#### Exercise goal
Pictures excluded, copy every record that follows exactly as it appears.

#### Records supplied
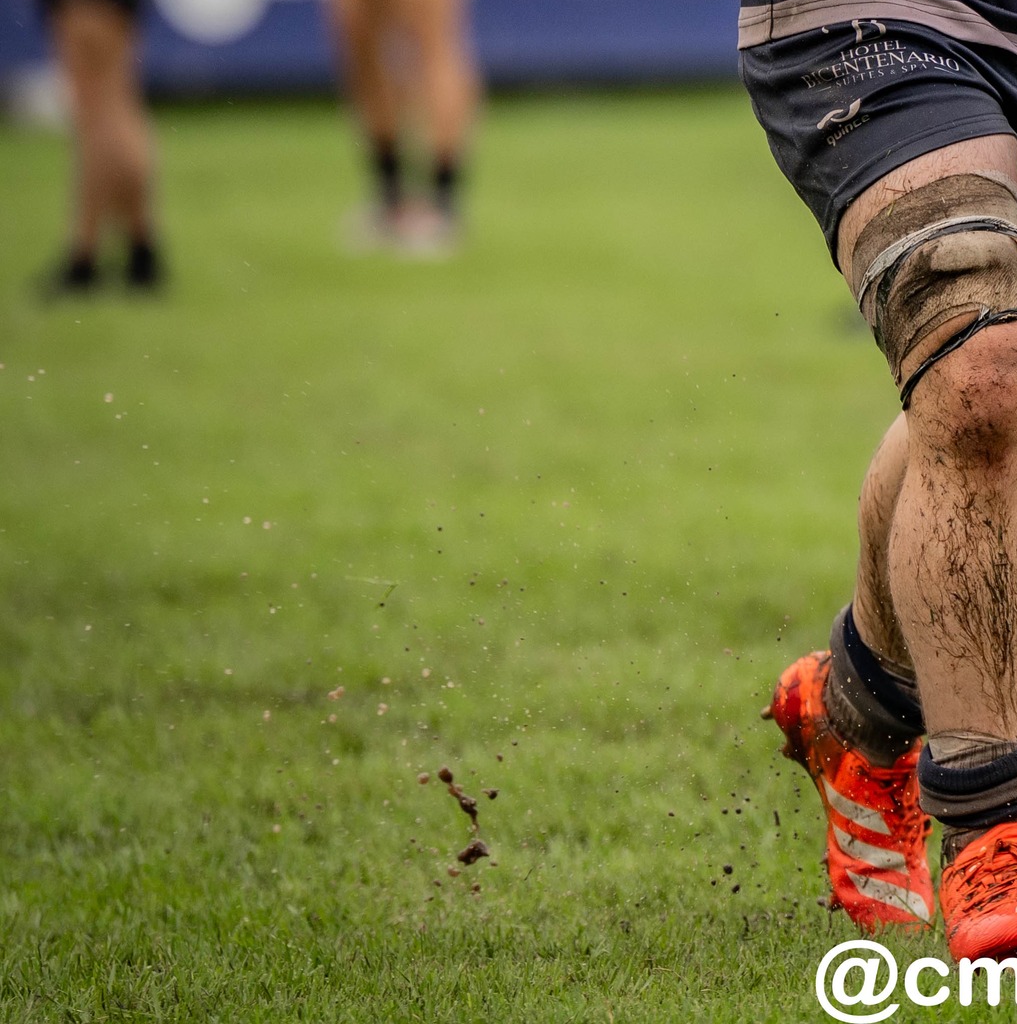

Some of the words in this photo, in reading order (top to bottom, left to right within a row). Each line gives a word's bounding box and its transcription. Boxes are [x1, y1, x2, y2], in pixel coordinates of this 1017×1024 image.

[840, 40, 907, 63] HOTEL
[801, 50, 960, 89] BICENTENARIO
[835, 70, 885, 88] SUITES
[826, 113, 871, 147] quince

#### Response below
Some of the words in this photo, in reading order (top to bottom, left to right within a row). Each line gives a word's bounding box and its transcription. Boxes are [x1, y1, x2, y2], in pixel coordinates of this 1017×1024 image.

[840, 40, 907, 63] HOTEL
[801, 50, 960, 89] BICENTENARIO
[835, 70, 885, 88] SUITES
[826, 113, 871, 147] quince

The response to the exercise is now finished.